Mais alors qu'on s'apprête à sortir, un entend un reniflement juste derrière nous. Mon cœur bat la chamade. Lentement, on se retourne, nous retrouvons face à un monstre aux yeux rouge sang. Un dragon géant recouvert d'écaille noire cendre et orné de trois cornes biscornues nous fixe à quelques centimètres de nous. Je peux sentir son haleine de chair griller sur ma peau. Je frissonne d'effrois. Il est prêt à nous dévorer toute cru. Je pousse un cri de terreur avant de sortir en courant de notre cachette.
Après une course-poursuite effrénée à travers les arbres, nous nous réfugions derrière un arbre pour reprendre notre souffle.
— Princesse, je vais aller combattre ce dragon, restez ici.
— Non, vous allez vous faire tuer !
— Je sais, mais c'est mon devoir.
Le cœur lourd, je l'embrasse sur la joue pour lui souhaiter bonne chance. Il prend une grande inspiration, hoche la tête fermement et cours vers le monstre en brandissant son épée.
Qu'il est courageux, songé-je en le regardant frapper ce monstre avec son arme.
En le voyant se battre vaillamment, une idée me vient. Je sors de derrière l'arbre et m'approche.
— Princesse ? Que faites-vous là, c'est dangereux le dragon pourrait vous attraper !
— Non.
— Quoi ? s'exclame-t-il surpris.
— Je suis la princesse des dragons, déclaré-je d'une voix forte. Cette forêt est la mienne et tu es tombé dans mon piège, Prince !
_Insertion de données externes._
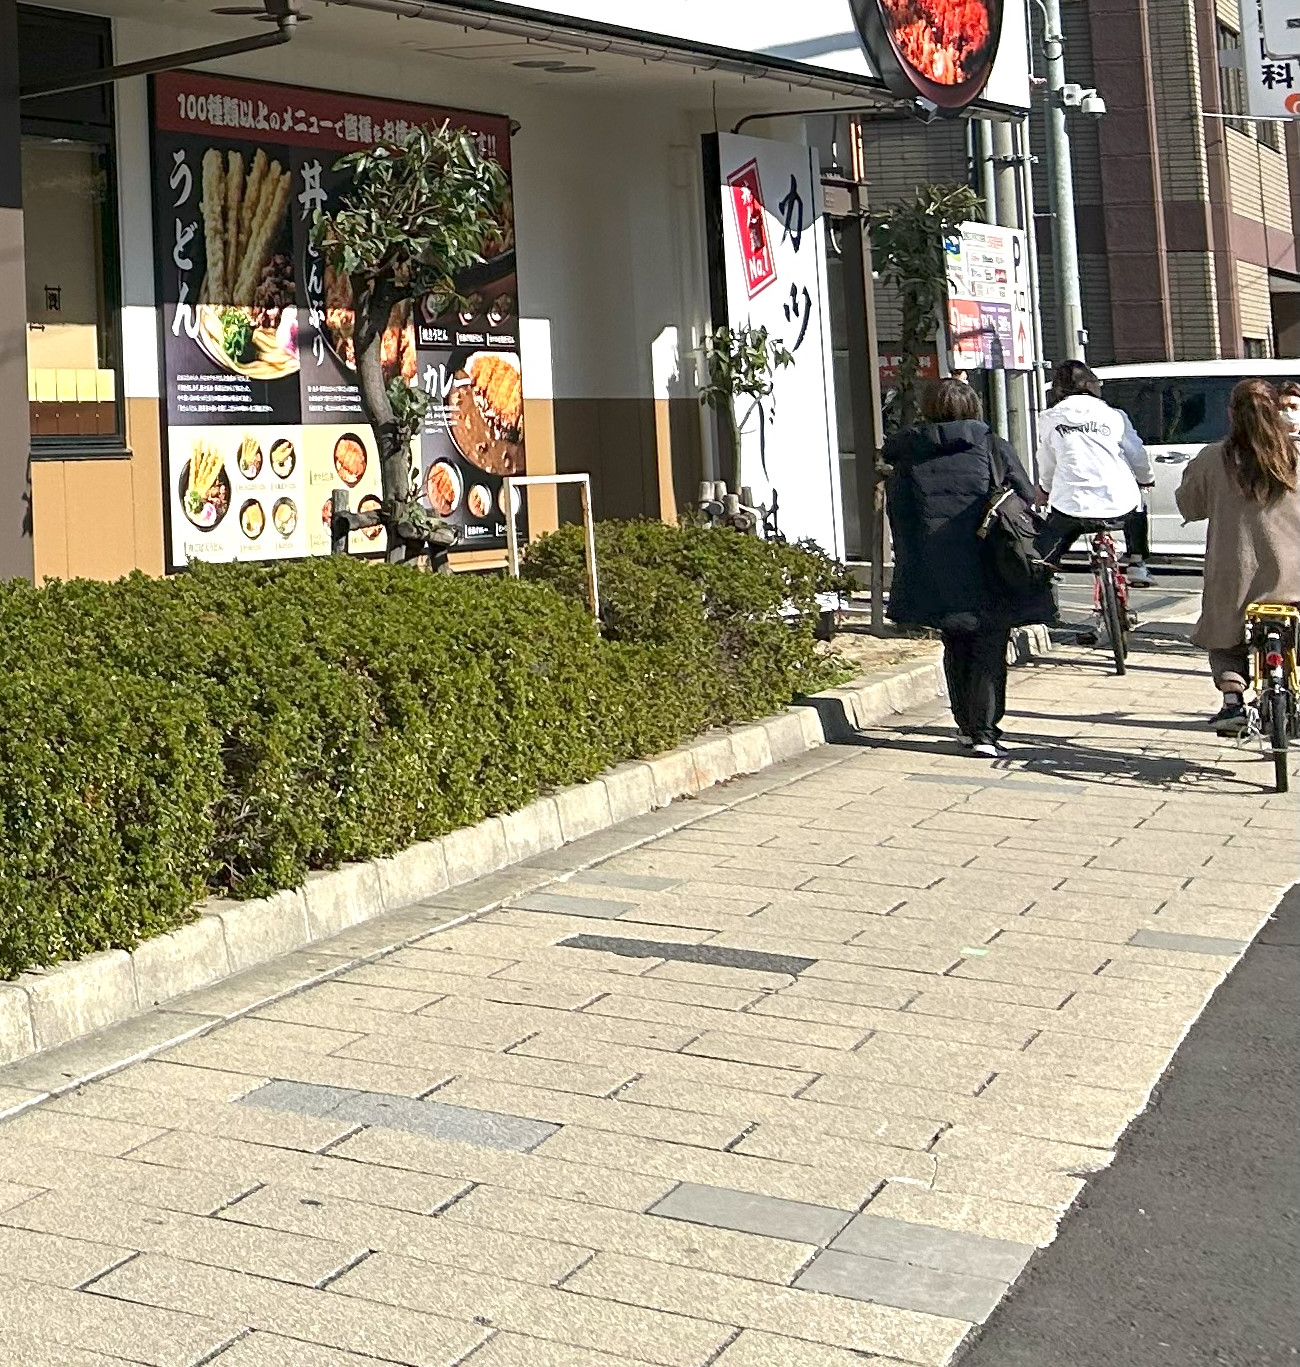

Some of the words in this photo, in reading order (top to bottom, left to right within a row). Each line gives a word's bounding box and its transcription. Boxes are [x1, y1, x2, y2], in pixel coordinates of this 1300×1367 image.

[168, 148, 200, 339] うどん
[423, 363, 472, 399] カレー
Il paraît d'abord choqué, avant d'esquisser un sourire machiavélique.
— Rah. J'en étais sûre, je vous ai toujours trouvé étrange.
— Eh oui ! Et maintenant rendez-vous ou je laisse mon dragon vous dévorer !
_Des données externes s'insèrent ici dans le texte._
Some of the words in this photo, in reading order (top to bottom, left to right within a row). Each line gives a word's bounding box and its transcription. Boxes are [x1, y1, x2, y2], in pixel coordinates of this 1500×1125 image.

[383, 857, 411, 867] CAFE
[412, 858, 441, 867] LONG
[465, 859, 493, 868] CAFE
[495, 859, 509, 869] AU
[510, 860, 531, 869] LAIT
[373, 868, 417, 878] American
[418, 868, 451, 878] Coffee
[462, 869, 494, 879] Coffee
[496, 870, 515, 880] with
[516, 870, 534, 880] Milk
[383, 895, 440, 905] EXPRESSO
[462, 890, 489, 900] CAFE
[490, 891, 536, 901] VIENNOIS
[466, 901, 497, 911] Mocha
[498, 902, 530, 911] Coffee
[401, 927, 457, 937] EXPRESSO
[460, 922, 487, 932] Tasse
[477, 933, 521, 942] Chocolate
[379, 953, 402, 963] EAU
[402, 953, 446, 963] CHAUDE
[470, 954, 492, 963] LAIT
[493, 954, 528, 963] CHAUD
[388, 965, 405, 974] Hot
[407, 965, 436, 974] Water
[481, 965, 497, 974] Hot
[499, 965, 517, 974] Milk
— Jamais ! crie-t-il férocement avant de s'enfuir.
— Rattrape-le ! ordonné-je à mon dragon.
— Vous ne m'aurez pas, espèce de sorcière !
Sorcière.
Le mot résonne dans ma tête.
Sorcière.
La sorcière. Je l'avais oublié.
Mon cœur s'emballe. Ma respiration s'accélère. J'écarquille les yeux, terrifiée, en me tournant vers la porte.
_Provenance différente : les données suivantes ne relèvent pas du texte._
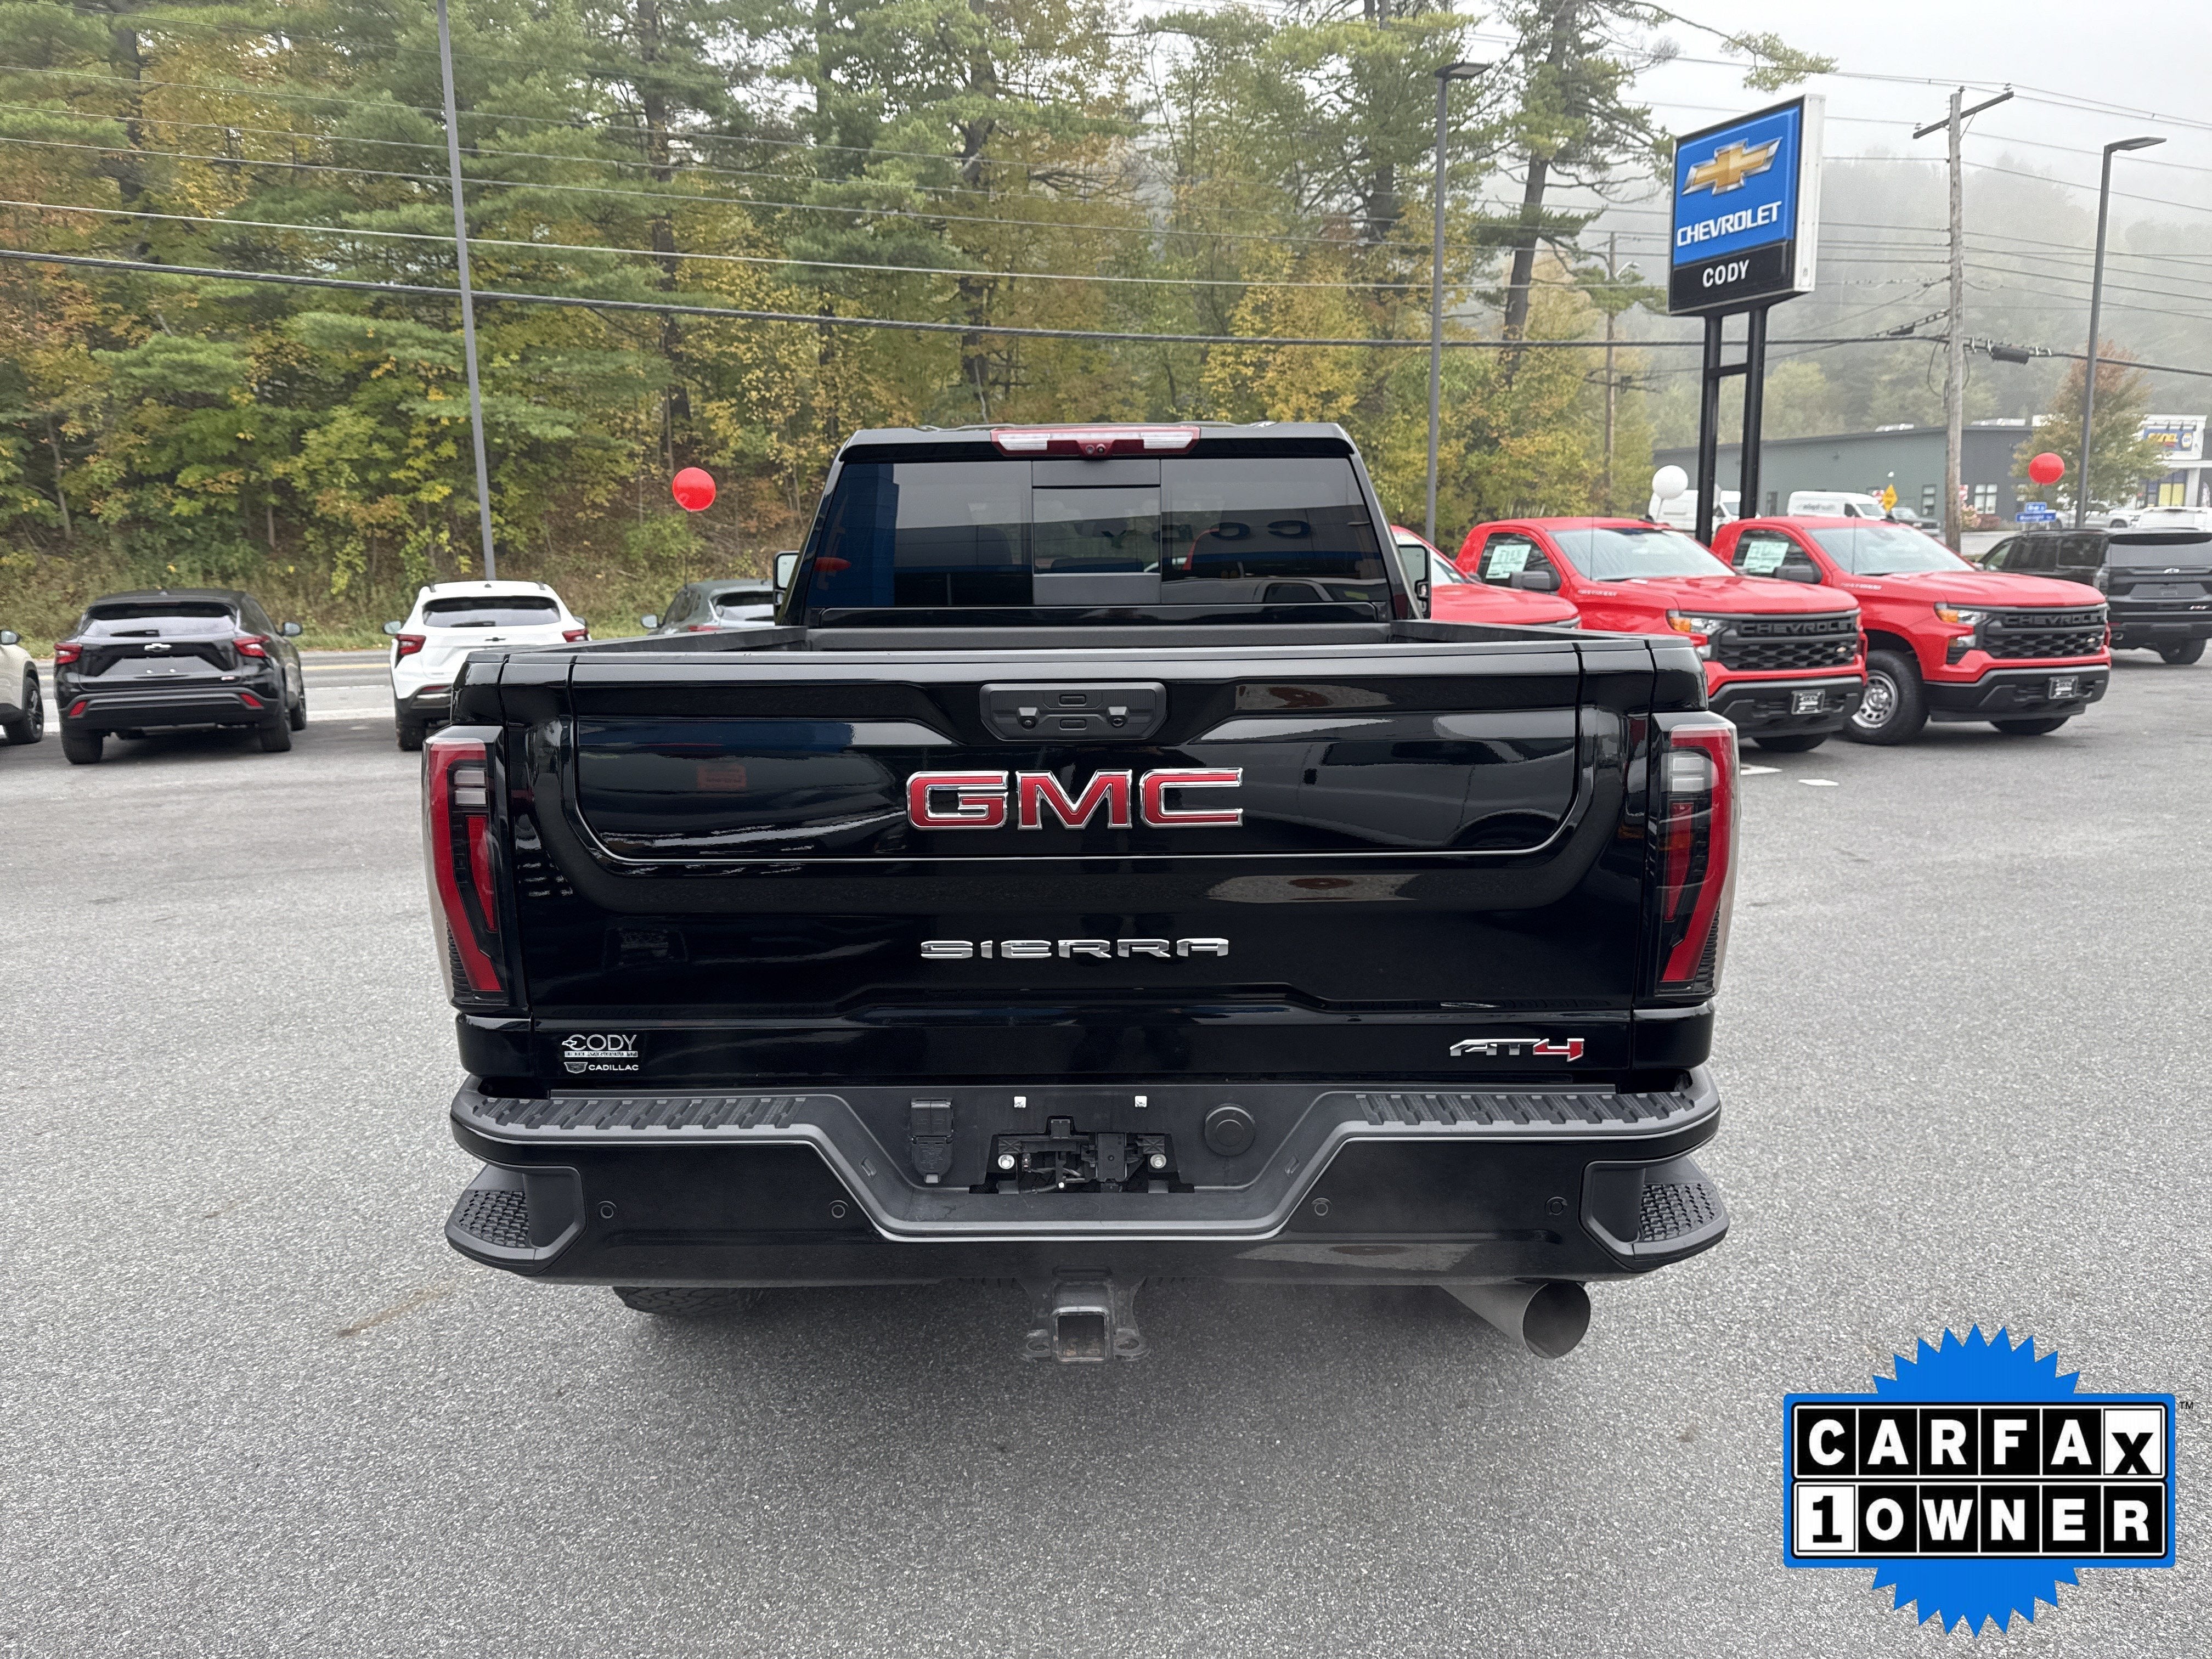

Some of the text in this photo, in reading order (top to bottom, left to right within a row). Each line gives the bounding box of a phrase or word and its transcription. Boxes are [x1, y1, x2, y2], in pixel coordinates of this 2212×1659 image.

[1676, 201, 1782, 247] CHEVROLET
[1702, 259, 1750, 287] CODY
[906, 768, 1243, 830] GMC
[921, 938, 1229, 959] SIERRA
[565, 1034, 637, 1050] CODY
[1450, 1038, 1584, 1062] AT4
Non, non, non. Qu'est-ce que j'ai fait ? Qu'est-ce que j'ai fait ? Comment j'ai pu oublier la sorcière ? J'ai joué, fait du bruit, rie comme si j'étais seule au monde, comme si rien ne pouvait m'arriver. J'ai été si stupide. Je ne suis qu'une idiote !
— Il faut que tu partes, Émile. Pars. Pars.
La voix de brise un peu plus à chaque mot. Je ne peux que le supplier de partir en priant pour qu'il m'écoute. Il faut qu'il s'en aille. Si la directrice le voit... Non. Je ne veux pas y penser. Non. Non. Il faut qu'il parte. Qu'il se cache. Qu'il disparaisse. Il le faut avant qu'elle n'arrive...
Un frisson d'effroi me traverse le dos, tandis que je fixe la poignée, redoutant le moment où elle s'abaissera. Je n'arrive plus à contrôler mes membres qui tremblent comme des feuilles mortes. Ma respiration devient de plus en plus rapide. J'ai l'impression de manquer d'air, d'étouffer.
Mais pourquoi j'ai fait ça ? Pourquoi ? Pourquoi ?
— Pars. Pars. Pars. Pars. Pars.
Je ne sais pas s'il me parle. Je n'entends que mon souffle et le tic-tac de l'horloge incessant qui va bientôt sonner ma sentence.
Soudain, ma respiration se coupe, figée dans ma gorge. Des pas. Des pas lourds, empreints de menace, résonnent dans le couloir obscur, faisant gémir le bois sous leur poids.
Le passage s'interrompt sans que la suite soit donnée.